Vicky Arias, FISM News

 

The U.S. Supreme Court ruled on Tuesday to allow Title 42, a policy that limits immigration based on public health emergencies, to temporarily continue.

In a 5-4 majority vote, justices decided to extend a stay ordered by Chief Justice John Roberts on December 19 until February 2023, when the court will hear arguments from both sides regarding nineteen states’ involvement in the proceedings.

Justice Neil Gorsuch was the only conservative justice to disagree with the court’s decision.

In his dissent, in which he was joined by Justice Ketanji Brown Jackson, Gorsuch wrote that he does “not discount the States’ concerns … but the current border crisis is not a Covid crisis. And courts should not be in the business of perpetuating administrative edicts designed for one emergency only because elected officials have failed to address a different emergency. We are a court of law, not policymakers of last resort.”

Former President Donald Trump began enforcing the decades-old policy in March 2020 to reduce immigration through Canada and Mexico, in an effort to contain and control the pandemic.

The policy was set to end on December 21 of this year as a result of a ruling handed down from U.S. District Judge Emmet Sullivan in Washington D.C. in November. Sullivan presided over a lawsuit on behalf of six families who had crossed illegally into the United States seeking asylum. Those families challenged Title 42 in federal court, and Sullivan ruled in their favor.

Nineteen states, in the case known as Arizona v. Mayorkas, are seeking intervention from the Supreme Court in an attempt to halt the dissolution of Title 42. Arizona, Louisiana, Missouri, Alabama, Alaska, Kansas, Kentucky, Mississippi, Montana, Nebraska, Ohio, Oklahoma, South Carolina, Texas, Tennessee, Utah, Virginia, West Virginia, and Wyoming are asking the Supreme Court to allow them to intervene in the Washington D.C. ruling to keep Title 42 from being terminated.

According to Customs and Border Patrol data, there have been over 2 million migrant expulsions from the United States as a result of Title 42 despite over 4.2 million migrant encounters from fiscal year 2021 through to the present.

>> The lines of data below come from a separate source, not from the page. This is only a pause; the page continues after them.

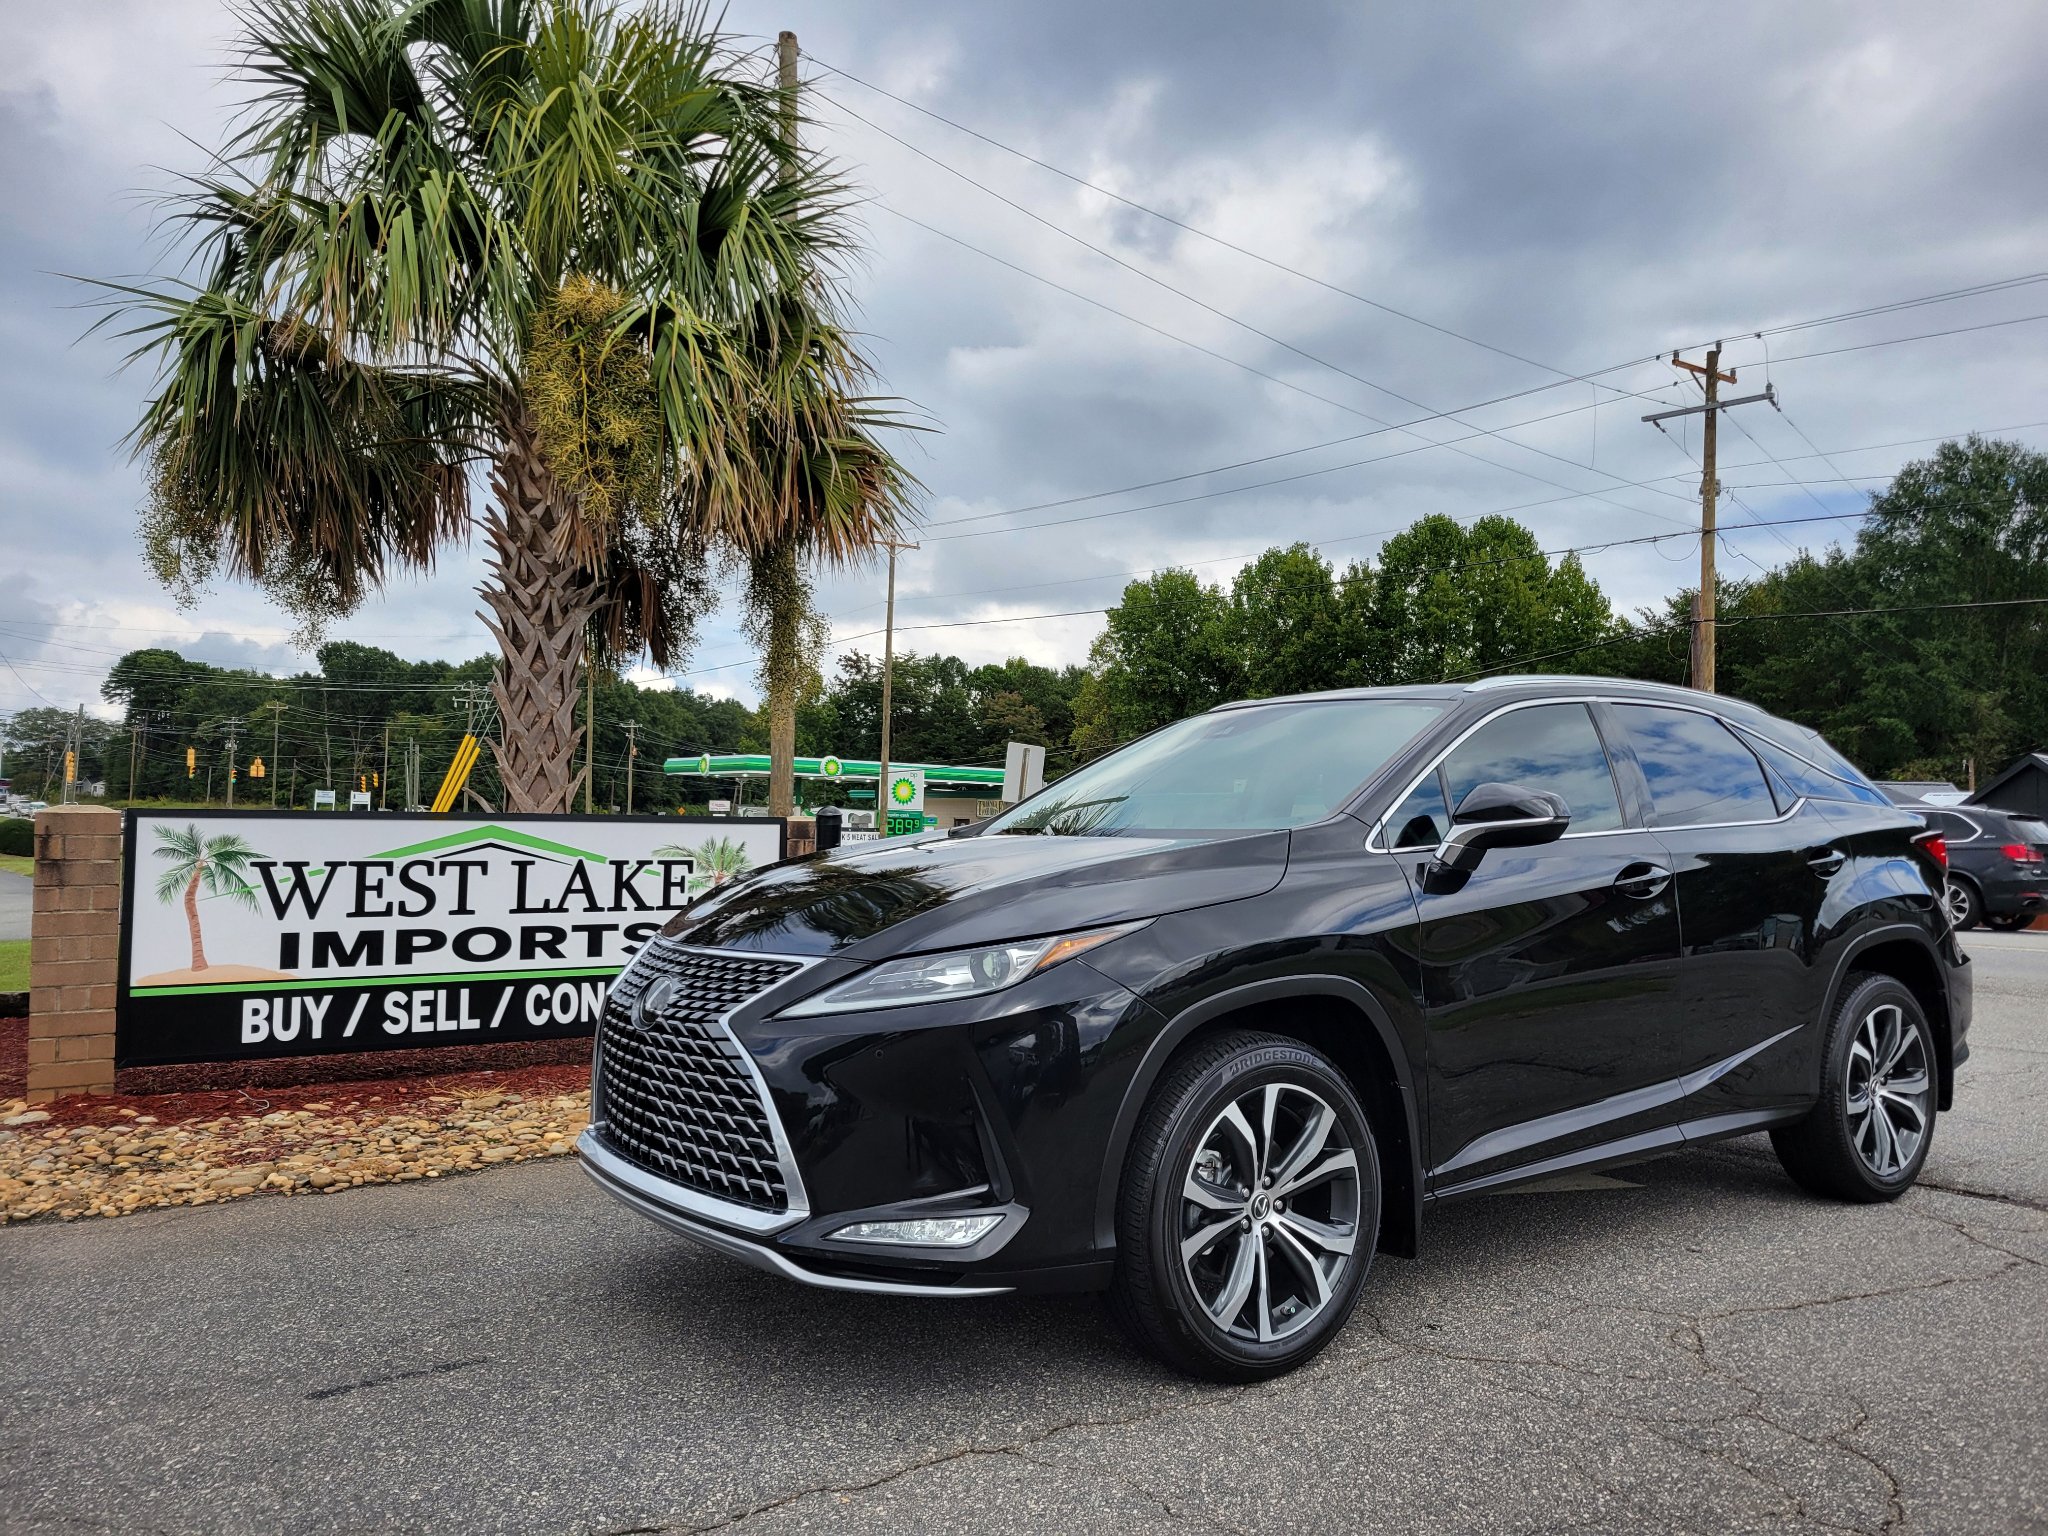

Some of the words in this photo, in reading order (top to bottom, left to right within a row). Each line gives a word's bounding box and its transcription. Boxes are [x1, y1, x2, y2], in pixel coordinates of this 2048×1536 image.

[250, 859, 488, 921] WEST
[508, 858, 695, 915] LAKE
[279, 922, 663, 970] IMPORTS
[241, 994, 334, 1044] BUY
[342, 992, 371, 1038] /
[382, 988, 481, 1036] SELL
[489, 985, 515, 1028] /
[1229, 1049, 1318, 1077] BRIDGESTONE

Brandon Judd, president of the National Border Patrol Council, said in an interview with Fox News Tuesday that more than Title 42 is needed at the border.

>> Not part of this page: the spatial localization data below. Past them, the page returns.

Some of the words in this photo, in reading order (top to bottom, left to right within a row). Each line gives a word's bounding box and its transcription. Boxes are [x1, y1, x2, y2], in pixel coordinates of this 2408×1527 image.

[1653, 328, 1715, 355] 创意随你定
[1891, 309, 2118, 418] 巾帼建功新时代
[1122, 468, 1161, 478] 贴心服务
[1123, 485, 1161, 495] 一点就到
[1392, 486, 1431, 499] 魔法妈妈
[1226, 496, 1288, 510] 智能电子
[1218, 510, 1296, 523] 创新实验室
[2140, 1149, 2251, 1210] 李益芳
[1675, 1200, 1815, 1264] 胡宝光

“What’s overdue is [President Joe Biden] actually giving us policies and programs that [are] going to allow us to secure the border,” Judd said. “That’s the problem with this president and this administration. No new policies, no new programs … we’re apprehending eight times what we should be apprehending. There’s more drugs flowing into the country than ever before. All of this is complete chaos.”